1) Reflect less and notice more.

 

If you really want to get to know yourself better, do it like a good researcher would: spend less time theorizing and more time collecting data to see patterns and trends. Some examples:

 

“After I ask a question about them, they seem to be more engaged in our conversation.”

“After I mentioned my ex-spouse on my date, the mood suddenly felt different.”

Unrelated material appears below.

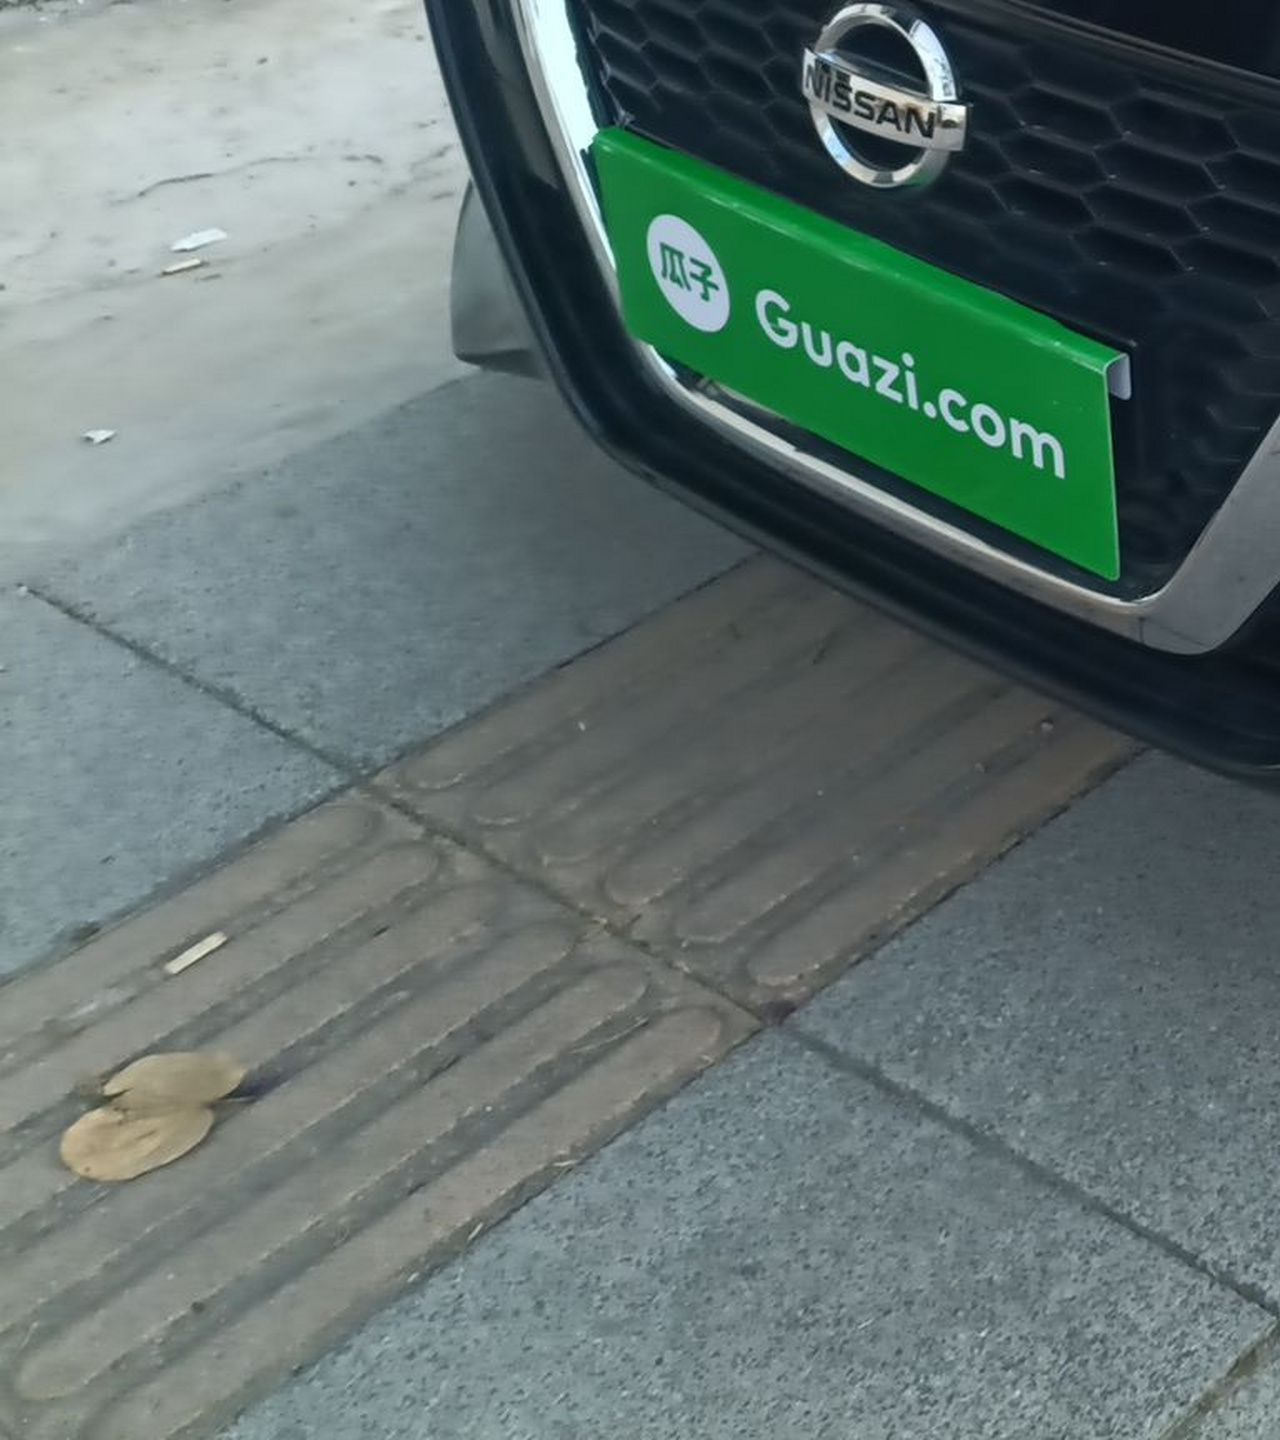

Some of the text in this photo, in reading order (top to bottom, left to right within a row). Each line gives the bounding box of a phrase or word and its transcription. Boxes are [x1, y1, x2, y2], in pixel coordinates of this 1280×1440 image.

[805, 63, 936, 139] NISSAN
[659, 241, 720, 302] 瓜子
[754, 288, 1066, 479] Guazi.com

“When I started asking back to back questions, my date complained that this felt like an interview.”

 

So you’re starting to see clear trends in what you do and how it makes you feel. Awesome. The next thing you usually do is ask yourself why that happens.

 

And that’s a huge mistake, by the way…

 

2) Ask “What” not “Why”.

 

Asking “why” you do things or “why” things are happening to you is a bad idea. A loopy kind of thinking will make you depressed, and no-one will want to deal with your fixations. You will very likely coast on blaming others rather than fixing your (probably) newly found issues. When it comes to dating, a victim mentality will not help you in any way.

 

If you feel overwhelmed during or after a date, think of questions like “What’s going on?” or “What am I feeling right now?” or “What does is the other person looking for?” or “What’s another way to see this situation?” or “What can I do right now to influence what is happening?” Understanding the situation logically will always be your best bet.

 

3) Ask your friends for feedback about why they think you are single.

 

By now, you are probably wondering: “Who knows how I can change to seem more attractive?” The answer is actually simple: Pretty much everyone around you. All you need to do is find the courage in your heart, and then perhaps for the first time in your life you will be appreciative for that one person in your life who is super blunt. Receiving feedback will be transformative, but could also bring in some pain. Be prepared! Recognize that your friends are trying to help you.

 

4) Set specific goals.

 

If your problem is getting first dates, then your goal should be going on as many first dates as possible to practice. If your problem is getting second dates, then you should really try to start giving those who want to see you again a chance, regardless of “spark”.

 

Take some time to analyze the situation of every date. Which one of the two of you is not interested in a second date? Is it them or you? If you fall under the former, and you are a female you are in luck. There is a great book that could help you figure that out.

 

If it seems that you are the person rejecting people the one after the other, you are probably too picky and if you are proud to be picky then you are probably not really, really ready to be in a serious long-term relationship.

 

 

Dating takes courage. Successful dating is about giving opportunities to yourself to succeed, a clean and open mind about the person you are searching for, and the the self- awareness about your date’s experience.